[MATERIAL PROVIDED]
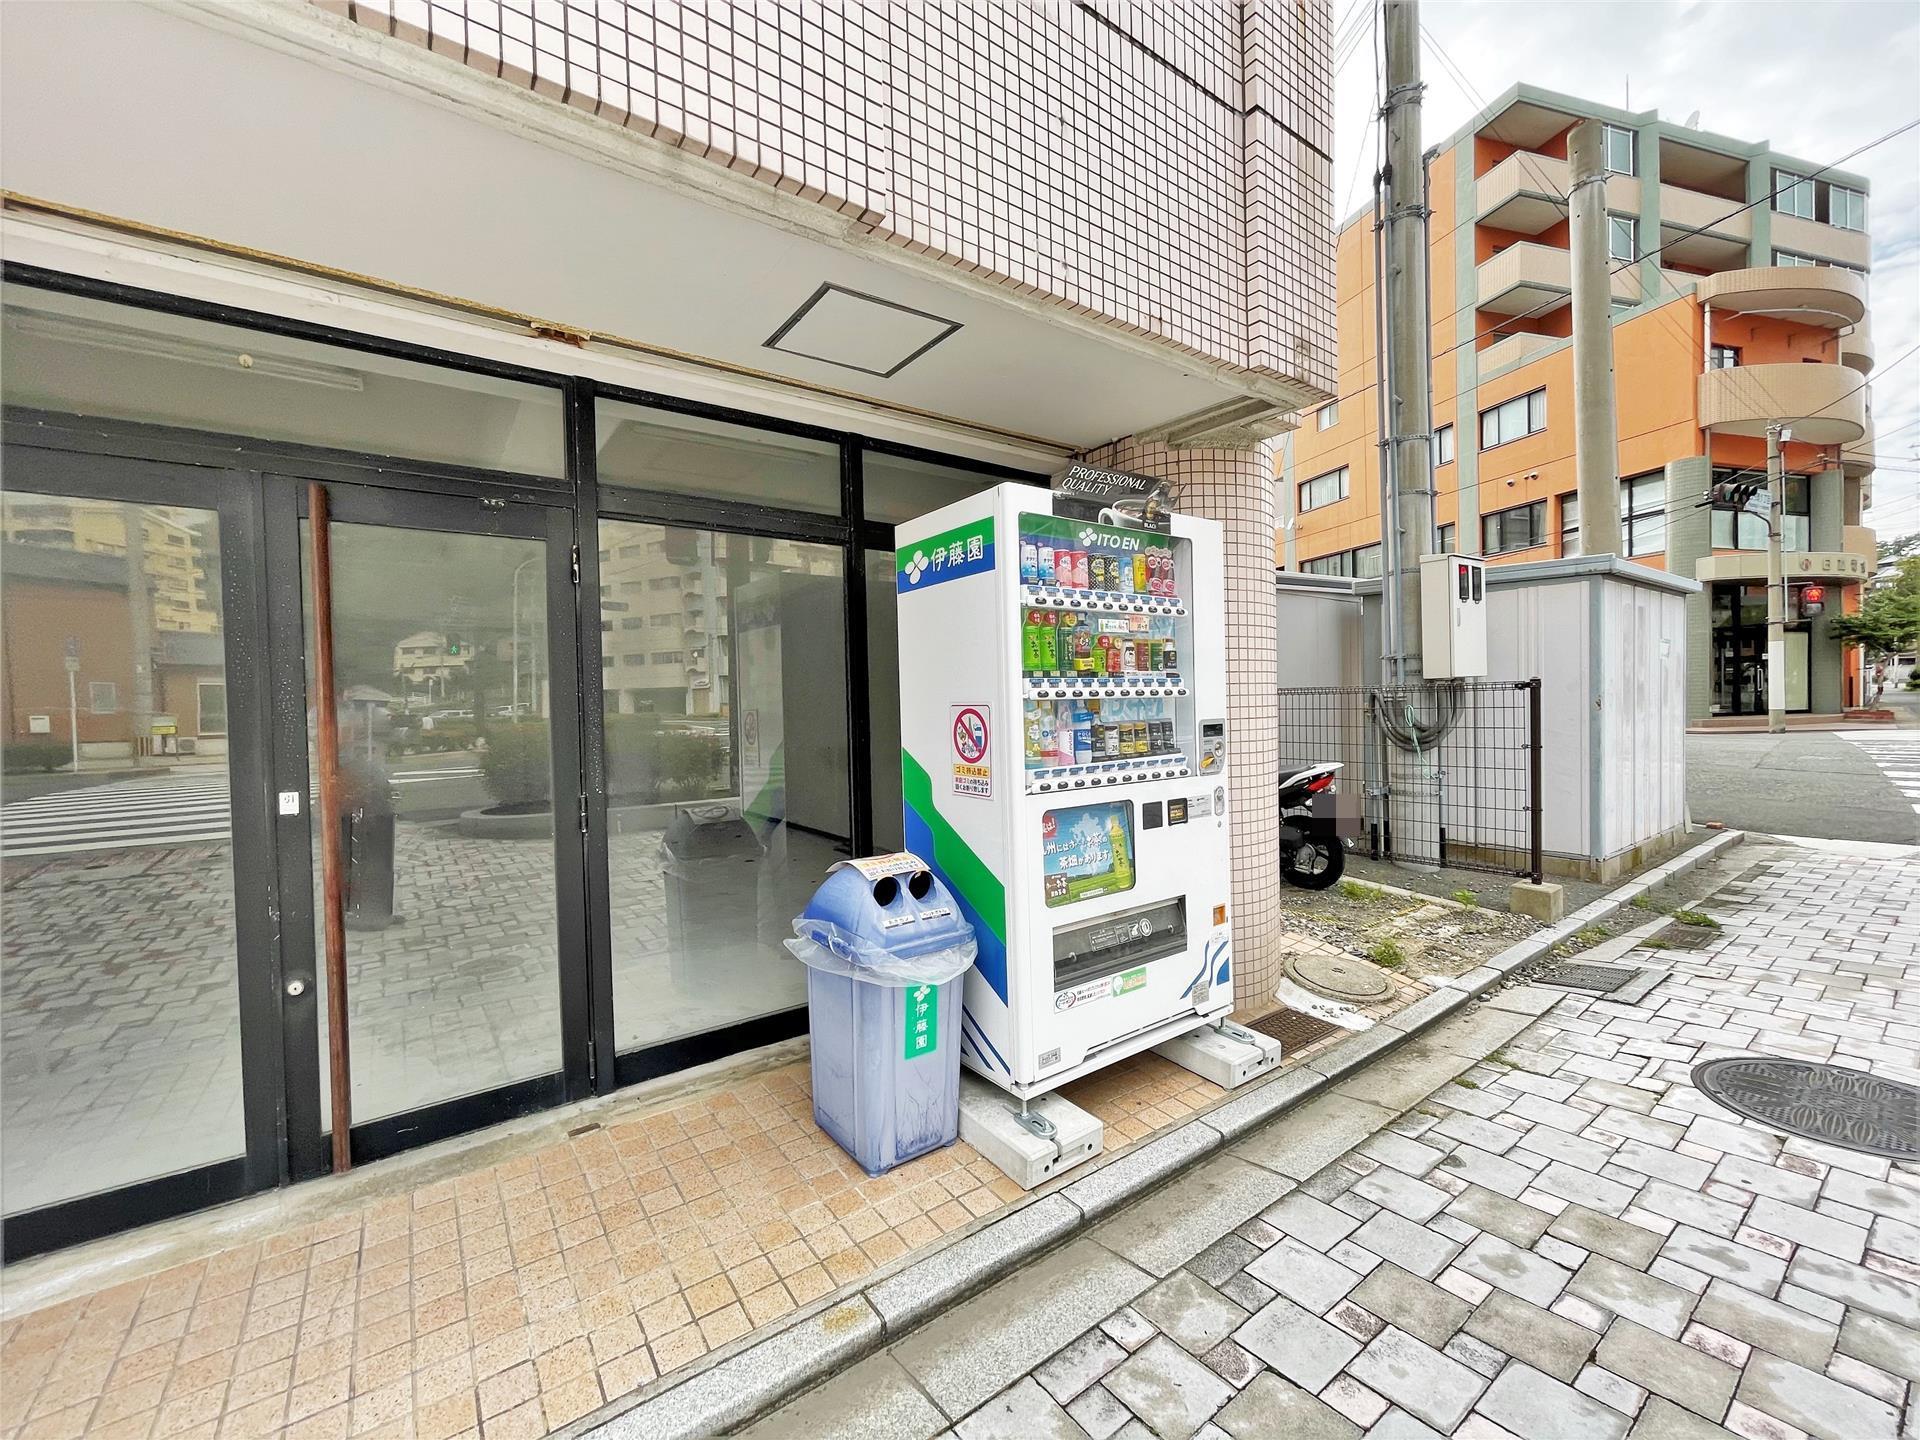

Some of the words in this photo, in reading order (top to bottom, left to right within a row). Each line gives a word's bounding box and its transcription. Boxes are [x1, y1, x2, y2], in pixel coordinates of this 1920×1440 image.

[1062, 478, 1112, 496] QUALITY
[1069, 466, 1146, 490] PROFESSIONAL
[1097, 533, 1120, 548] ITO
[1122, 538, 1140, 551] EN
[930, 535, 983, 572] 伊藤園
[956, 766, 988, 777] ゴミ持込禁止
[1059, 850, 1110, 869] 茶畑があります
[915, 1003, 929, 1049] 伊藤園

[WHAT YOU HAVE TO DO] Whenever a picture appears in the listing, leave it out; copy everything else exactly.

[EXPECTED ANSWER]
Some of the words in this photo, in reading order (top to bottom, left to right within a row). Each line gives a word's bounding box and its transcription. Boxes are [x1, y1, x2, y2], in pixel coordinates of this 1920×1440 image.

[1062, 478, 1112, 496] QUALITY
[1069, 466, 1146, 490] PROFESSIONAL
[1097, 533, 1120, 548] ITO
[1122, 538, 1140, 551] EN
[930, 535, 983, 572] 伊藤園
[956, 766, 988, 777] ゴミ持込禁止
[1059, 850, 1110, 869] 茶畑があります
[915, 1003, 929, 1049] 伊藤園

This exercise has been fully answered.